Howard says Republicans’ recent mission to essentially ban abortion in the state is one of the major issues preceding their protest. 

Howard has also repeatedly advocated for and filed a bill to make anyone enrolled in the Children’s Health Insurance Program (CHIP) eligible to receive free birth control, a measure that has proved to reduce both the number of teenage pregnancies and abortions in states like Colorado. The bill stalled in the House and looks unlikely to pass. 

Howard spoke to Ms. late last week to discuss the flawed assumptions behind the Republican push to restrict abortion access in Texas and the real-life impact of these laws on everyday Texans. 


Roxy Szal: Before we talk about women’s health, I don’t want to skip over this very real fight for voting access that you and your colleagues are currently waging.

Can you tell us what your D.C. reception has looked like and felt like so far? Who have you met with in the Senate? What did those conversations cover? 

Rep. Donna Howard: Everywhere we’ve gone, people have been supportive of our efforts to draw attention to the freedom to vote, and the underlying foundation of our democracy. There’s so many of us here—which is what has allowed us to deny quorum—that we’ve divided up a lot of the meetings. 

I myself met with [Sen. Chuck] Schumer [(D-N.Y.)], [Sen. Amy] Klobuchar [(D-Minn.)], [Sen.] Jeff Merkley [(D-Ore.)], [Sen. Raphael] Warnock [(D-Ga.)], [Sen.] Sherrod Brown [(D-Ohio)], [Sen. Kirsten] Gillibrand ([D-N.Y.)], [Sen.] Elizabeth Warren [(D-Mass.)] and then, of course, we all were in a meeting with the vice president. 

There was a small group of senators and representatives who met [on Friday] with Senator Manchin—one of the key people holding up the carve-out of the filibuster—and I understand that the meeting was very productive and felt like there was some headway made there. It was an encouraging meeting. 

Szal: What was the breaking point for you? And what do you hope to accomplish in D.C.?

Howard: We denied a quorum using the rules of the House of Representatives to do everything we could to ensure the freedom to vote for all Texans—and in fact, all Americans. 
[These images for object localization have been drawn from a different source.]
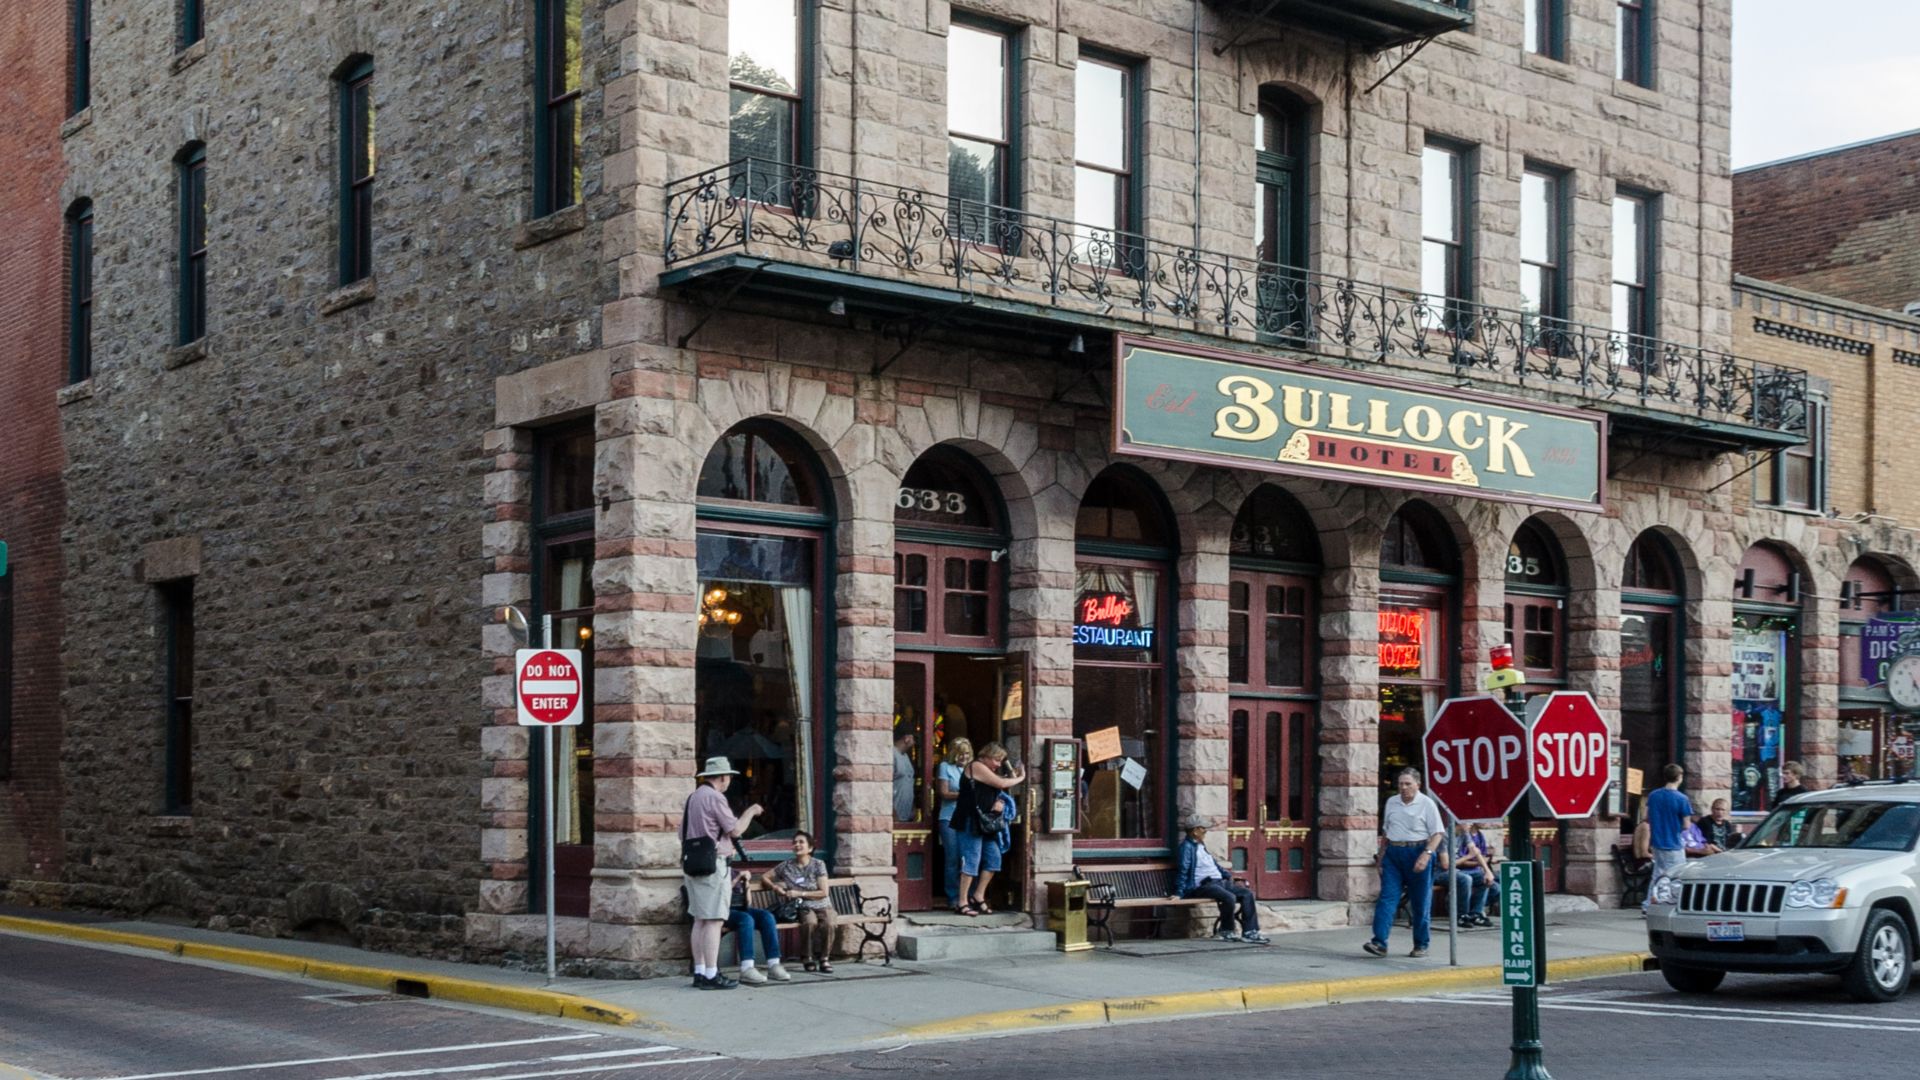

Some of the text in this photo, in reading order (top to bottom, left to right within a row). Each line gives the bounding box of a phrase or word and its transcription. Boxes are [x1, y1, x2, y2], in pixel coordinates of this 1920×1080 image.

[1212, 375, 1535, 477] BULLOCK
[1317, 440, 1447, 473] HOTEL
[896, 487, 967, 514] 633
[526, 664, 572, 677] DO NOT
[532, 697, 569, 710] ENTER
[1431, 734, 1523, 785] STOP
[1536, 731, 1605, 779] STOP
[1508, 866, 1526, 957] PARKING
[1504, 958, 1532, 969] RAMP
[Prior to the Democratic walkout,] hundreds of people came from all over the state to testify—the vast majority of them in opposition to the Republican bill. They didn’t even get to start testifying till 1:30 in the morning.  
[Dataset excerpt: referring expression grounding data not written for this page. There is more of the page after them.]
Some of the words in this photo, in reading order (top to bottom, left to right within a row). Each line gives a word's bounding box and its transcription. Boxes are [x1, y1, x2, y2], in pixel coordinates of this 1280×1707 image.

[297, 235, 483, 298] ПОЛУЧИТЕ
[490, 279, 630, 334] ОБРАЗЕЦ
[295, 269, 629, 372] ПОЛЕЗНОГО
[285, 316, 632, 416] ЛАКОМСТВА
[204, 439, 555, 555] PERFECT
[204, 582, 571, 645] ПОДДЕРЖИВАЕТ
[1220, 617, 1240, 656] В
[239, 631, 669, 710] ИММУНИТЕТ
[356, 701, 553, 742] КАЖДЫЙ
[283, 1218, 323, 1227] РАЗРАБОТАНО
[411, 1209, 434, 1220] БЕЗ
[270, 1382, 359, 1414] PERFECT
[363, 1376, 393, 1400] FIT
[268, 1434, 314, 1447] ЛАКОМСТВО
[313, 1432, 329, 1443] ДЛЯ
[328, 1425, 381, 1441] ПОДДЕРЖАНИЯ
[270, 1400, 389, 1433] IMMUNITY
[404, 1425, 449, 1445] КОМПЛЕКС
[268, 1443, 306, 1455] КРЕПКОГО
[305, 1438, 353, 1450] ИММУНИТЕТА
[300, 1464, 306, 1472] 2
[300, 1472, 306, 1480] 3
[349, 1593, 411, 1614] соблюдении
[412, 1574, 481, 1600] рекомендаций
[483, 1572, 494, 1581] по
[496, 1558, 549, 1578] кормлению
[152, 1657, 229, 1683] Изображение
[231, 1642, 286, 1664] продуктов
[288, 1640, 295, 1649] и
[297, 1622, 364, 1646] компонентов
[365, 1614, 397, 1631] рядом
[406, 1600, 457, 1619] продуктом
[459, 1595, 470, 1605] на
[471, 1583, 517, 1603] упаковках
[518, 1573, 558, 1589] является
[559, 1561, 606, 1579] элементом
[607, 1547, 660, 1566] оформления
At the end of the hearing, Democratic members proposed amendments to take into account testimony that had been provided and things they were concerned about to make this a better bill, and all of those amendments were rejected. It was at that point, that I think it became clear: There are no options for us [in Texas] to do anything to stop the railroading of this legislation that is going to infringe on the right to vote, and that was when the decision was made to deny quorum. 

Taking it to the nation’s capital became our only recourse here—it was to encourage our federal government, our Congress, to step up and pass voting rights legislation that would protect Texans from what the Texas legislature was about to pass.

[The elections bill that] was presented to us [last Monday] was filled with obstacles to people being able to access the ballot box, and certainly, it disproportionately impacts people of color. 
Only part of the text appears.